Yesterday, making his fifth appearance in five months on "Fox News Sunday," Rove
doubled down.
Karl Rove said on Sunday he had no regrets about his comments about Hillary Clinton's health. "I'm not questioning her health. What I'm questioning is whether or not it's a done deal if she's running," the Republican strategist said.... When host Chris Wallace asked Rove whether he has questions about her "physical ability" to run for president, Rove said: "No, no, no, no. I don't. I don't. But I do think that it would not be human if you're sitting there to say, 'I've had a serious brain injury.'"
Got that? Rove isn't questioning Clinton's health, so much as he's arguing that Clinton suffered a serious brain injury. There's nothing contradictory about the message because, well, Karl Rove says so.
But again, note the nature of the conversation: nearly all the major Sunday shows discussed Rove's latest salvo, but the focus was on Rove, not Clinton and her 2012 illness. Sen. Claire McCaskill (D-Mo.) blasted Rove for "

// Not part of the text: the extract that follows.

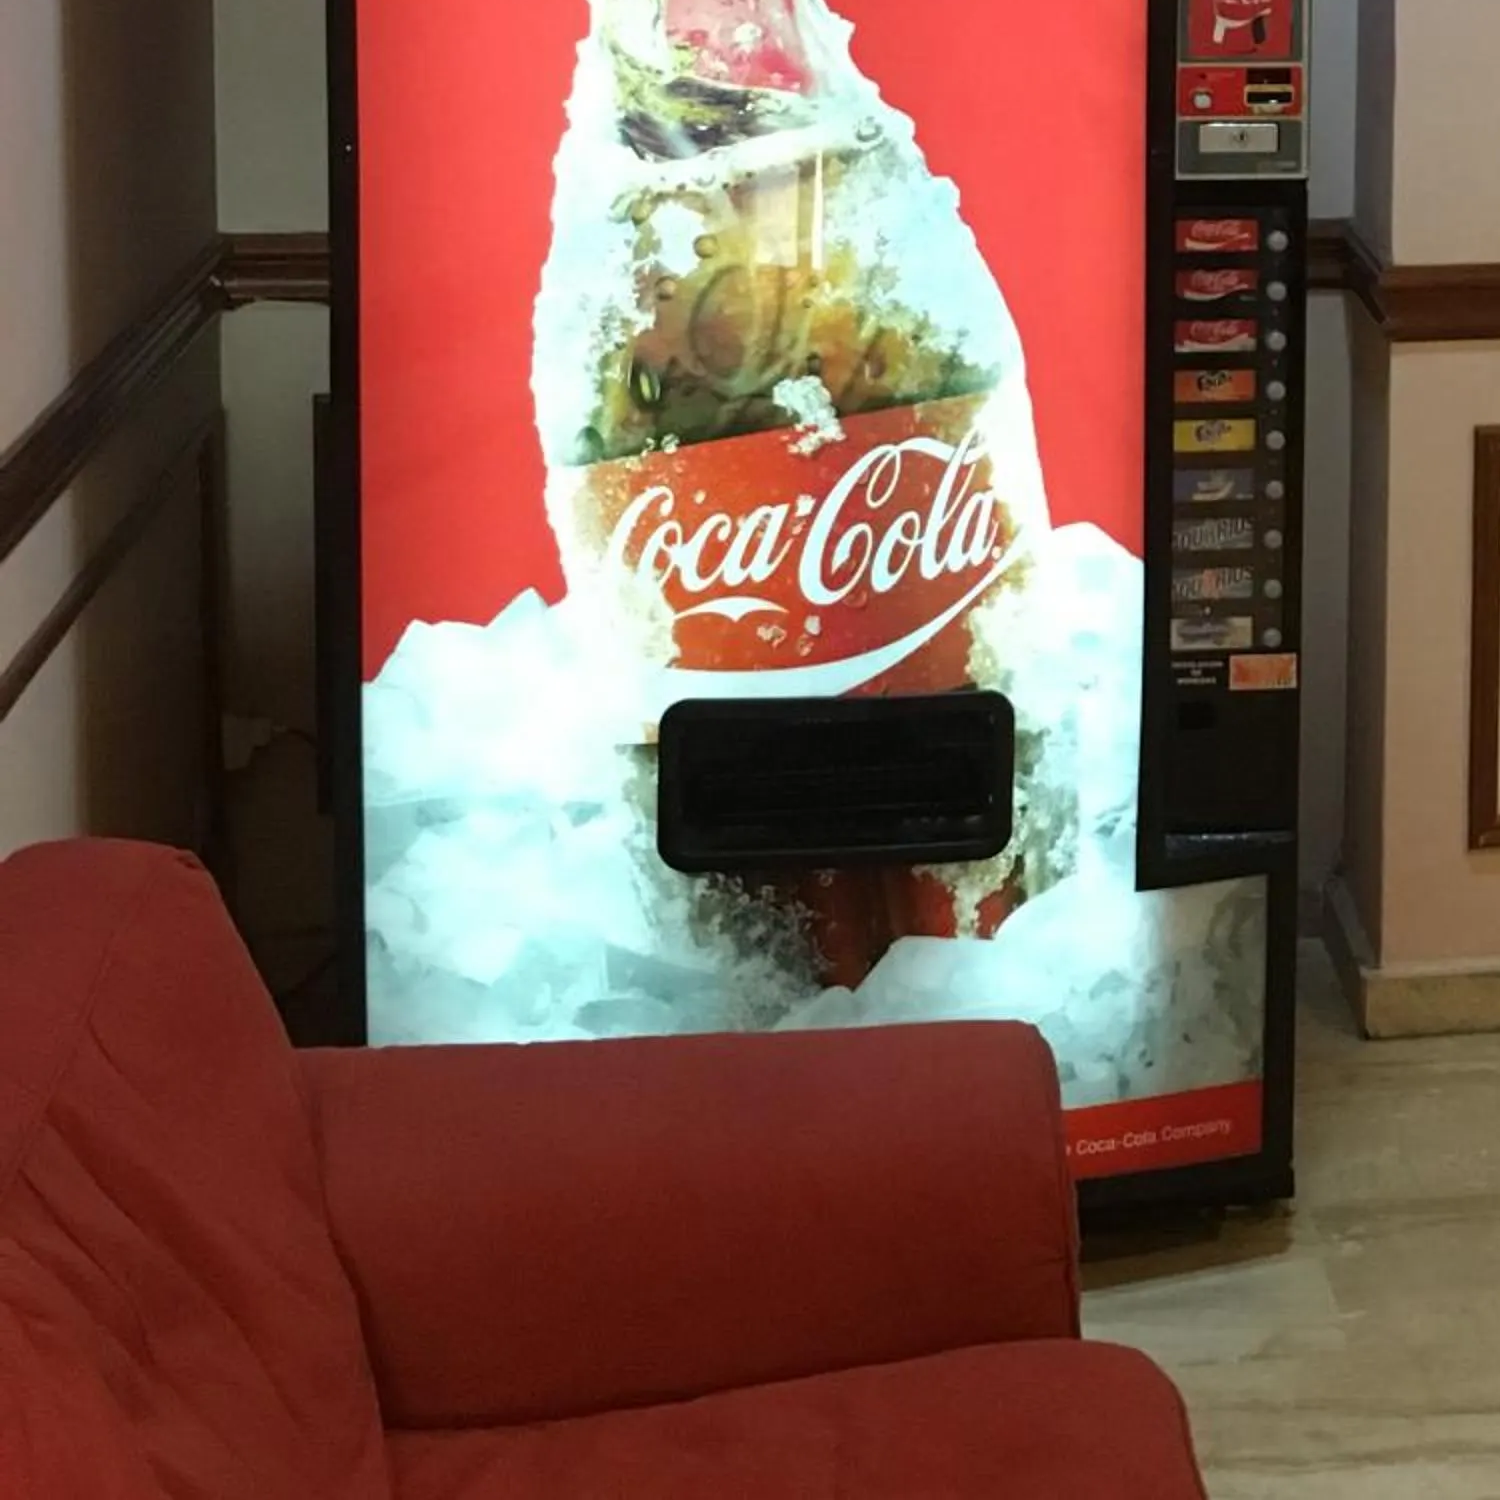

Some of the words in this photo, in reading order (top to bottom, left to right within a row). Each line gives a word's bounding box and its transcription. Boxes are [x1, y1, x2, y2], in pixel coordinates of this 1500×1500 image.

struggling to be relevant." Sen. Dianne Feinstein (D-Calif.) dismissed Rove's rhetoric as "
stupid" and "
pathetic." Former Mayor Michael Bloomberg (I) called Rove's offensive "
outrageous."
Karl Rove wanted to manufacture a story about Hillary Clinton. He instead created a story about Karl Rove.
Perhaps the
most amusing reaction came on the same Fox program on which Rove himself appeared.
Bringing up Rove's long history of personally attacking political opponents as an operative for President George W. Bush and other Republicans, Fox News contributor Juan Williams argued that the remarks "remind everybody that you, your past as a very effective political operative, have gone after people, the Swift Boating of John Kerry, going after people ... you may be helping Hillary Clinton."
In other words, on Fox, the problem isn't that Rove is taking a cheap shot. The problem is Rove's cheap shot seems likely to backfire and help a prominent Democrat.